For robust sim-to-real transfer, we develop a high-fidelity depth sensor simulation that captures stereo matching artifacts and calibration uncertainties inherent in real-world sensing. We further propose a vision-aware behavior distillation approach that combines latent space alignment with noise-invariant auxiliary tasks, enabling effective knowledge transfer from privileged height maps to noisy depth observations. For versatile terrain adaptation, we introduce terrain-specific reward shaping integrated with multi-critic and multi-discriminator learning, where dedicated networks capture the distinct dynamics and motion priors of each terrain type.

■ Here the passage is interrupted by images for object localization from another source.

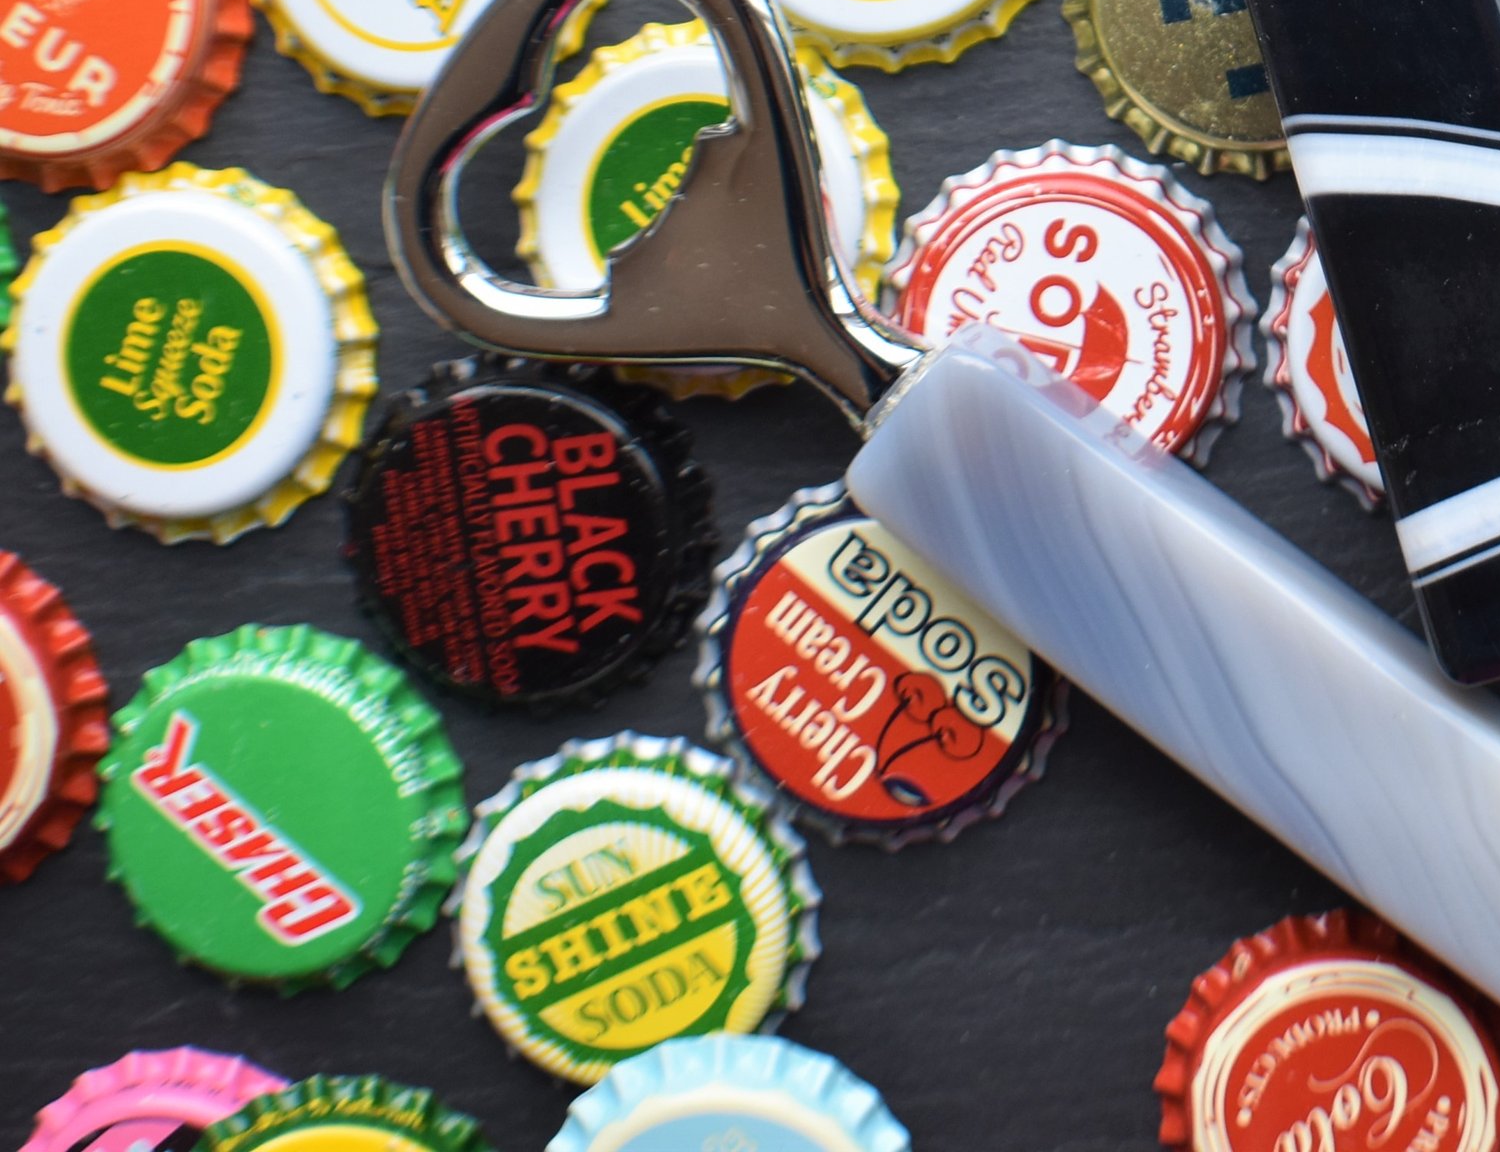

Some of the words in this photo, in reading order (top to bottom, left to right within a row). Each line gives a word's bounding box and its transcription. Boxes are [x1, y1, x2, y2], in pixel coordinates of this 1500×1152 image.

[619, 145, 694, 229] Lim
[966, 221, 1025, 293] Red
[100, 297, 163, 396] Lime
[133, 298, 201, 422] Squeeze
[175, 325, 244, 425] Soda
[485, 423, 580, 654] CHERRY
[553, 431, 643, 634] BLACK
[764, 591, 888, 723] Cream
[826, 530, 1027, 727] Soda
[746, 664, 878, 802] Cherry
[505, 861, 733, 1000] SHINE
[535, 837, 637, 912] SUN
[575, 948, 724, 1042] SODA
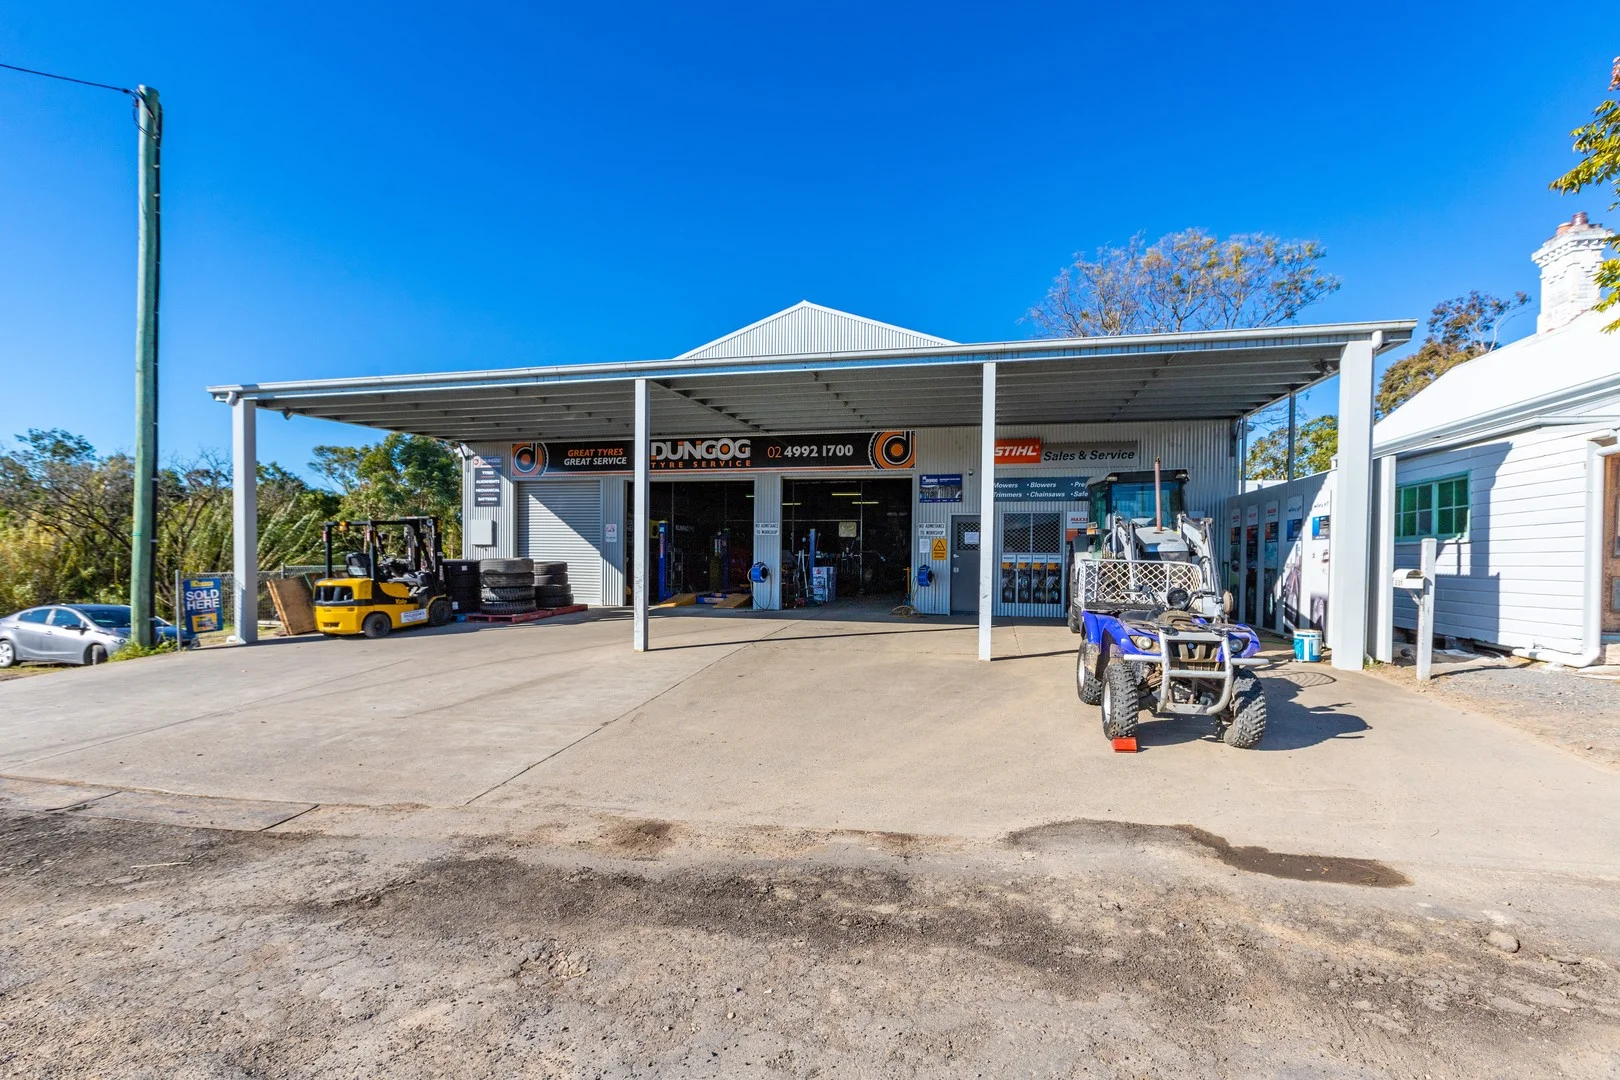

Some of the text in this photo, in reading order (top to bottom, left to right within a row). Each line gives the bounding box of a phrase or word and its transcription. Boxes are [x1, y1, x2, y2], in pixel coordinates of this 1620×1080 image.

[567, 447, 623, 457] GREAT TYRES
[650, 438, 751, 460] DUNGOG
[767, 445, 853, 458] 02 4992 1700
[994, 445, 1037, 457] STIHL
[1043, 449, 1135, 461] Sales & Service
[563, 456, 627, 466] GREAT SERVICE
[650, 460, 751, 469] TYRE SERVICE
[1029, 481, 1057, 489] Blowers
[1073, 490, 1088, 498] Safe
[186, 589, 220, 601] SOLD
[187, 598, 220, 611] HERE
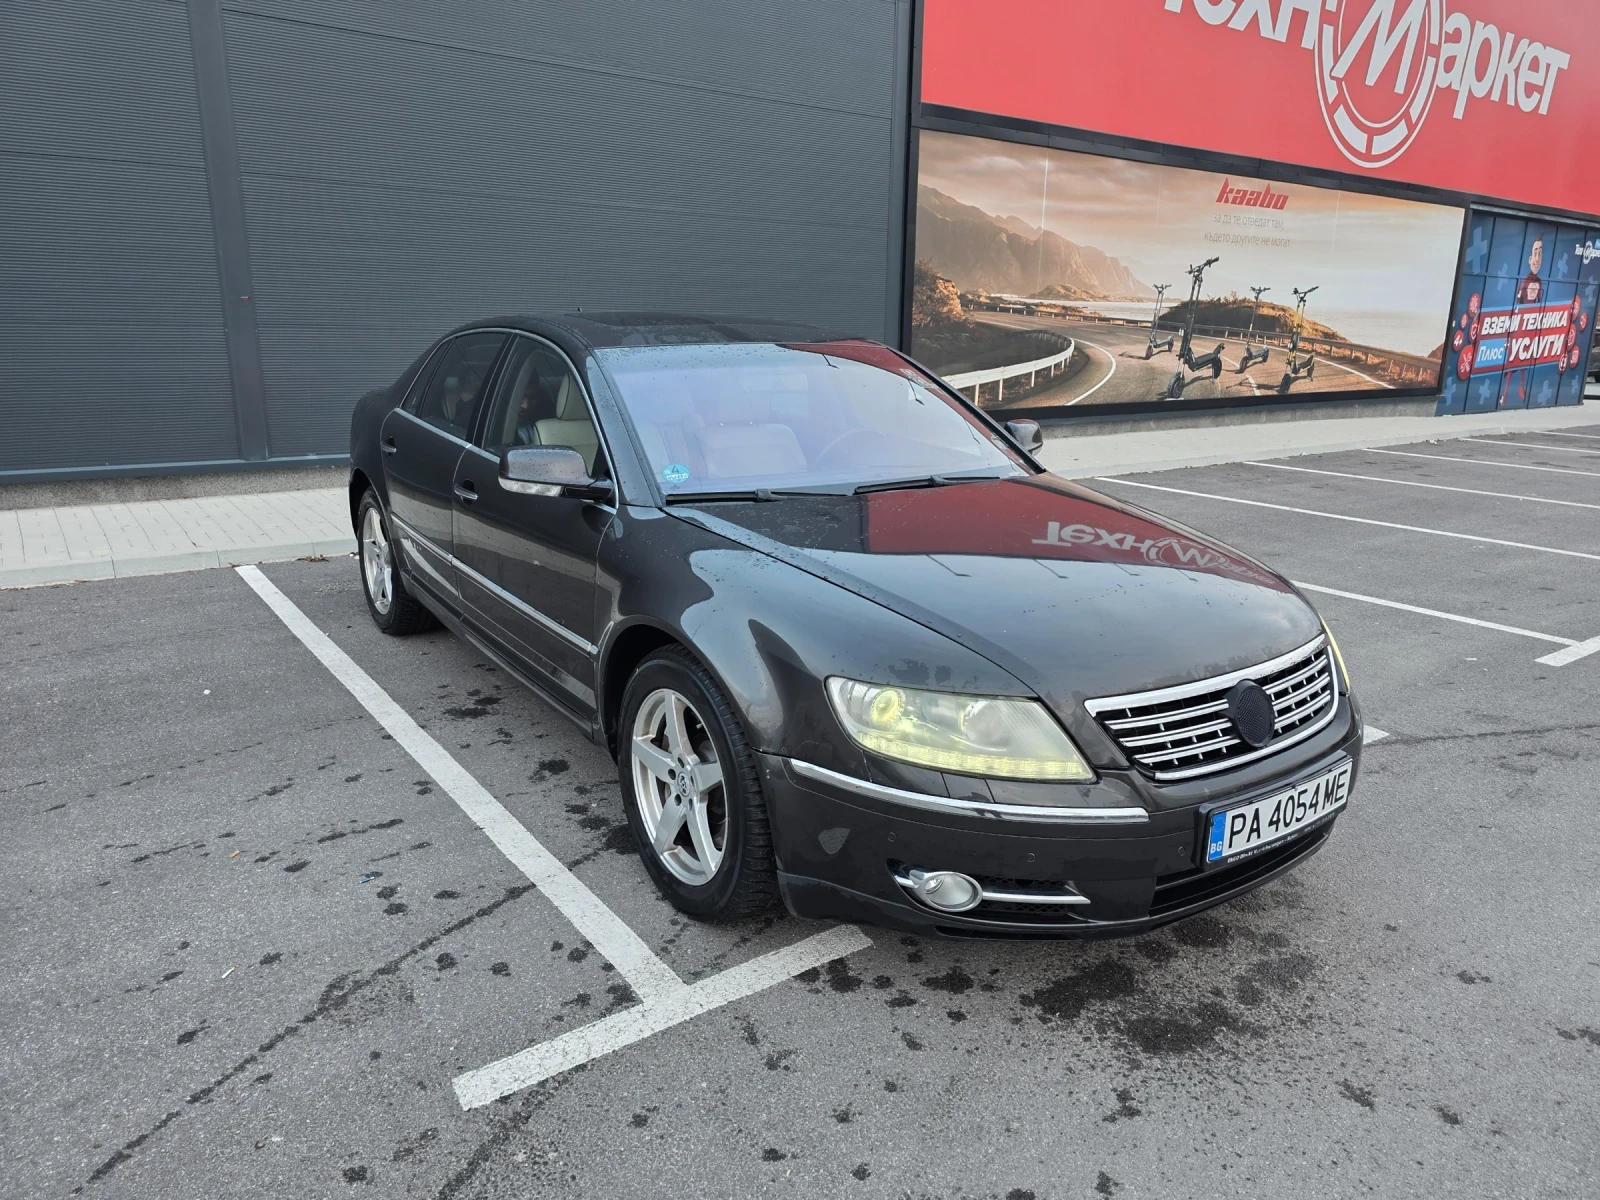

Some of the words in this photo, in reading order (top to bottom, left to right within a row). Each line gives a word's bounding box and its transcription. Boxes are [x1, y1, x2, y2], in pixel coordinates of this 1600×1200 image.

[1216, 177, 1289, 210] kaabo
[1213, 213, 1221, 223] за
[1222, 214, 1231, 226] да
[1233, 215, 1241, 226] те
[1242, 216, 1270, 229] отведат
[1204, 232, 1231, 244] където
[1231, 233, 1260, 247] другите
[1261, 237, 1270, 247] не
[1271, 238, 1291, 248] могат
[1481, 314, 1521, 336] ВЗЕМИ
[1522, 310, 1569, 332] ТЕХНИКА
[1509, 333, 1566, 362] УСЛУГИ
[1228, 807, 1261, 849] PA
[1268, 782, 1320, 833] 4054
[1322, 768, 1348, 811] ME
[1210, 840, 1223, 854] BG
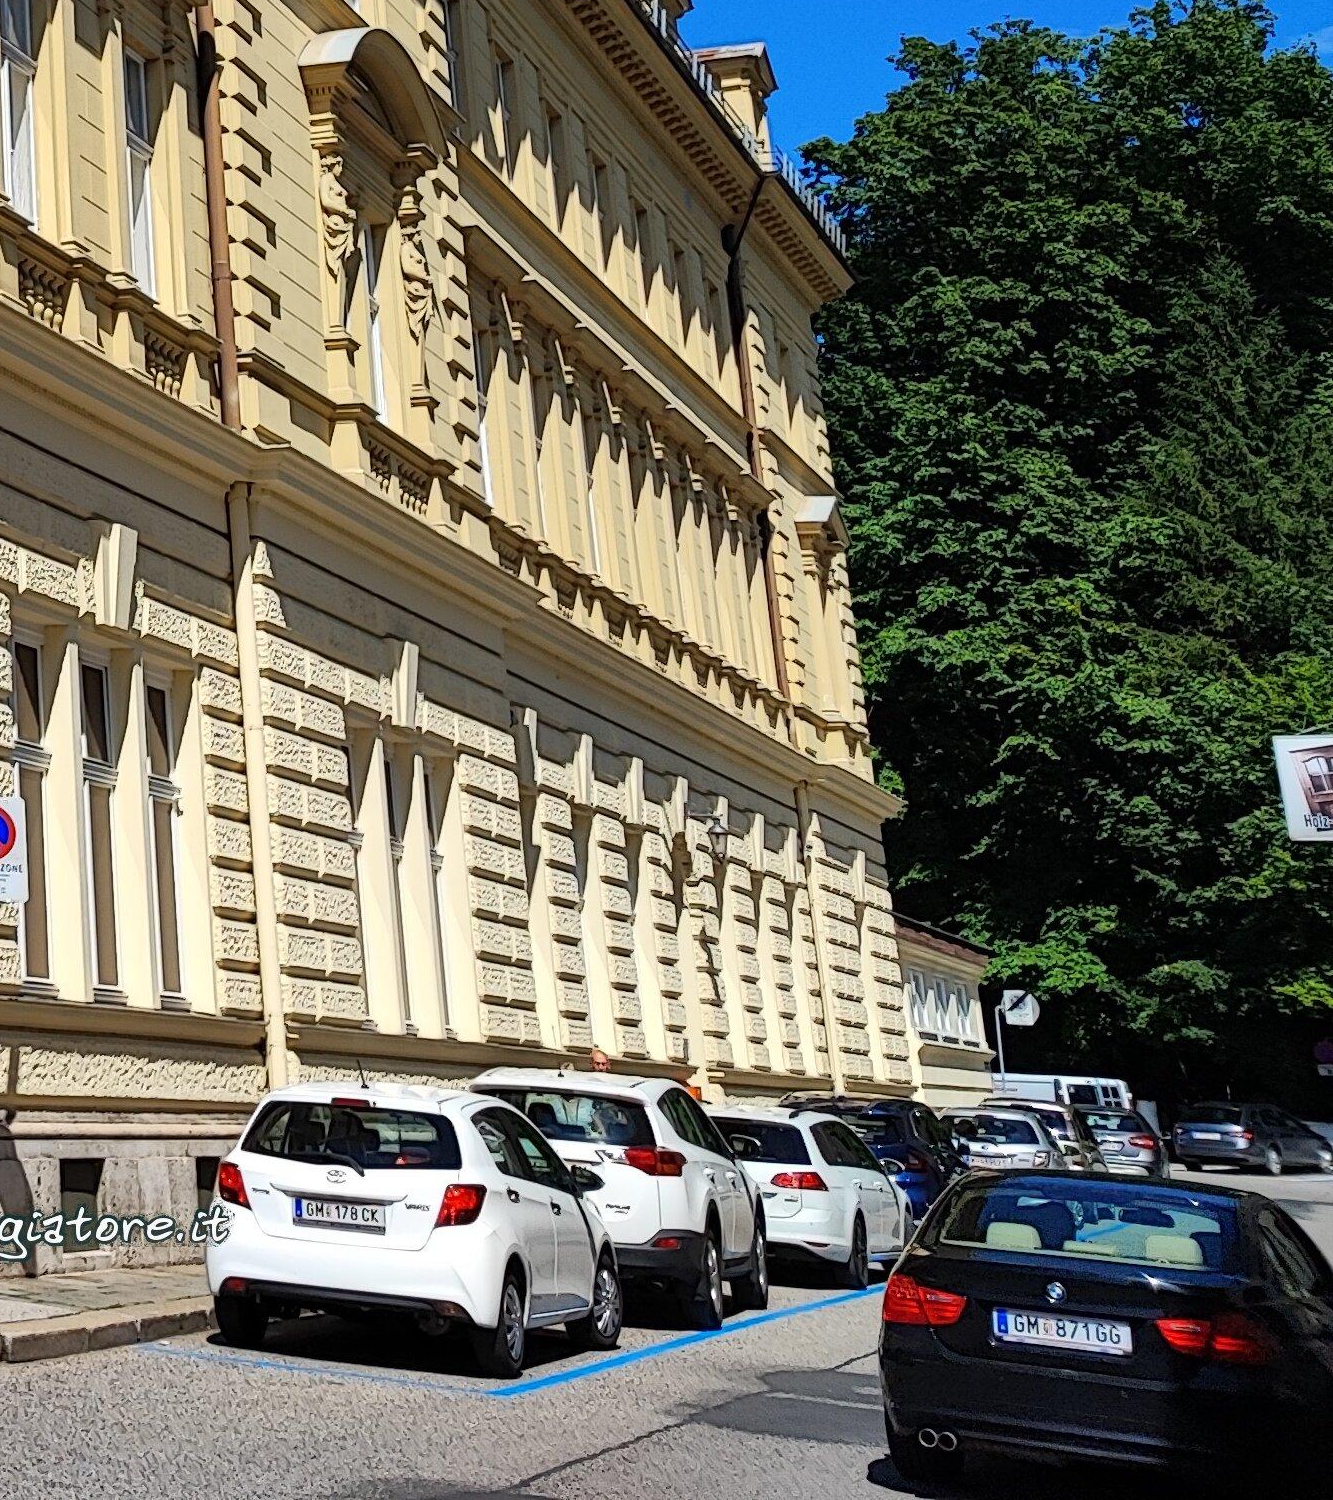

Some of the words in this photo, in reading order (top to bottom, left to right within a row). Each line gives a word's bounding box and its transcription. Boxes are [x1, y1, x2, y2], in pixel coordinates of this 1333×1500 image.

[306, 1202, 324, 1218] GM
[334, 1205, 358, 1221] 178
[362, 1207, 379, 1223] CK
[1014, 1314, 1039, 1335] GM

We validate our approach on two humanoid platforms equipped with different stereo depth cameras. The resulting policy demonstrates robust performance across diverse environments, seamlessly handling extreme challenges such as high platforms and wide gaps, as well as fine-grained tasks including bidirectional long-term staircase traversal.
Our framework consists of two stages: (1) Privileged RL Training: A teacher policy is trained with height scan observa- tions using multi-critic and multi-discriminator learning, where terrain-specific reward shaping and dedicated value networks handle diverse terrain categories (stairs/platforms, gaps, rough terrain). (2) Vision-Aware Distillation: The privileged policy is distilled into a deployment policy operating on augmented depth images, combining behavior cloning with denoising objectives for robust sim-to-real transfer.
Visualization of the depth augmentation pipeline. Starting from clean left and right depth images, the pipeline sequentially applies: (1) stereo fusion, (2) random convolution, (3) Gaussian noise, (4) Perlin noise, (5) scale randomization, (6) zero pixel failures, (7) max pixel failures, (8) depth clipping and spatial cropping to produce realistic depth observations for sim-to-real transfer.
Additional depth augmentation examples across diverse terrains. Each triplet shows (left to right): left camera depth, right camera depth, and augmented output before spatial cropping. Depth values are normalized to [0, 2] m and rendered as color maps (cool = near, warm = far). The augmented images exhibit realistic stereo fusion holes (black regions), depth-dependent noise, and structured Perlin patterns while preserving terrain geometry essential for locomotion control.